(Recorded data)
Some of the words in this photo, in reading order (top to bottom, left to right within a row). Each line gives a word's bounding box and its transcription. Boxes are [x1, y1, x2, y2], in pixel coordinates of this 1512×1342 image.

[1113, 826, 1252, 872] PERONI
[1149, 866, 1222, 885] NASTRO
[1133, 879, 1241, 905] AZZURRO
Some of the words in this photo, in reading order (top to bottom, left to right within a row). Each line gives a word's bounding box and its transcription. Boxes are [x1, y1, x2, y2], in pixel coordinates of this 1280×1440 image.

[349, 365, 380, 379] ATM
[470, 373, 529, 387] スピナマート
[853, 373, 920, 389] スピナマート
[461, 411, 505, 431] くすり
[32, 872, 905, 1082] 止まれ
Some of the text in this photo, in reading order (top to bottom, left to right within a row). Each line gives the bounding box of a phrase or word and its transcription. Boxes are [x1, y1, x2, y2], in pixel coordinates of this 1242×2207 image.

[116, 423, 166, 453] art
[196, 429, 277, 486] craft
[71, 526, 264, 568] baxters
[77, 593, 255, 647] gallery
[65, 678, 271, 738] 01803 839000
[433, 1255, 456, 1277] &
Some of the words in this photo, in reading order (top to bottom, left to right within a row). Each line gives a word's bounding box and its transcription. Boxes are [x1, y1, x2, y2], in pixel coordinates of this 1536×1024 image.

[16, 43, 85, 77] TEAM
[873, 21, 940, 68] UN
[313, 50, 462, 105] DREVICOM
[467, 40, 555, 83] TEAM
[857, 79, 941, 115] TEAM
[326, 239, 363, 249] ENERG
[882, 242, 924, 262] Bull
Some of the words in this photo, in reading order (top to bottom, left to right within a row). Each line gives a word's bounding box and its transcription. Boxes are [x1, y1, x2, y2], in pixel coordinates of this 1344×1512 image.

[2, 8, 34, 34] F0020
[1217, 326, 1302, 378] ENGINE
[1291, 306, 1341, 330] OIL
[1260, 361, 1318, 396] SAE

> _Exercise prompt_:
Recopy the records without any alteration.

> _Answer box_:
Some of the words in this photo, in reading order (top to bottom, left to right within a row). Each line gives a word's bounding box and its transcription. Boxes are [x1, y1, x2, y2], in pixel coordinates of this 1512×1342 image.

[1113, 826, 1252, 872] PERONI
[1149, 866, 1222, 885] NASTRO
[1133, 879, 1241, 905] AZZURRO
Some of the words in this photo, in reading order (top to bottom, left to right within a row). Each line gives a word's bounding box and its transcription. Boxes are [x1, y1, x2, y2], in pixel coordinates of this 1280×1440 image.

[349, 365, 380, 379] ATM
[470, 373, 529, 387] スピナマート
[853, 373, 920, 389] スピナマート
[461, 411, 505, 431] くすり
[32, 872, 905, 1082] 止まれ
Some of the text in this photo, in reading order (top to bottom, left to right within a row). Each line gives the bounding box of a phrase or word and its transcription. Boxes are [x1, y1, x2, y2], in pixel coordinates of this 1242×2207 image.

[116, 423, 166, 453] art
[196, 429, 277, 486] craft
[71, 526, 264, 568] baxters
[77, 593, 255, 647] gallery
[65, 678, 271, 738] 01803 839000
[433, 1255, 456, 1277] &
Some of the words in this photo, in reading order (top to bottom, left to right within a row). Each line gives a word's bounding box and its transcription. Boxes are [x1, y1, x2, y2], in pixel coordinates of this 1536×1024 image.

[16, 43, 85, 77] TEAM
[873, 21, 940, 68] UN
[313, 50, 462, 105] DREVICOM
[467, 40, 555, 83] TEAM
[857, 79, 941, 115] TEAM
[326, 239, 363, 249] ENERG
[882, 242, 924, 262] Bull
Some of the words in this photo, in reading order (top to bottom, left to right within a row). Each line gives a word's bounding box and its transcription. Boxes are [x1, y1, x2, y2], in pixel coordinates of this 1344×1512 image.

[2, 8, 34, 34] F0020
[1217, 326, 1302, 378] ENGINE
[1291, 306, 1341, 330] OIL
[1260, 361, 1318, 396] SAE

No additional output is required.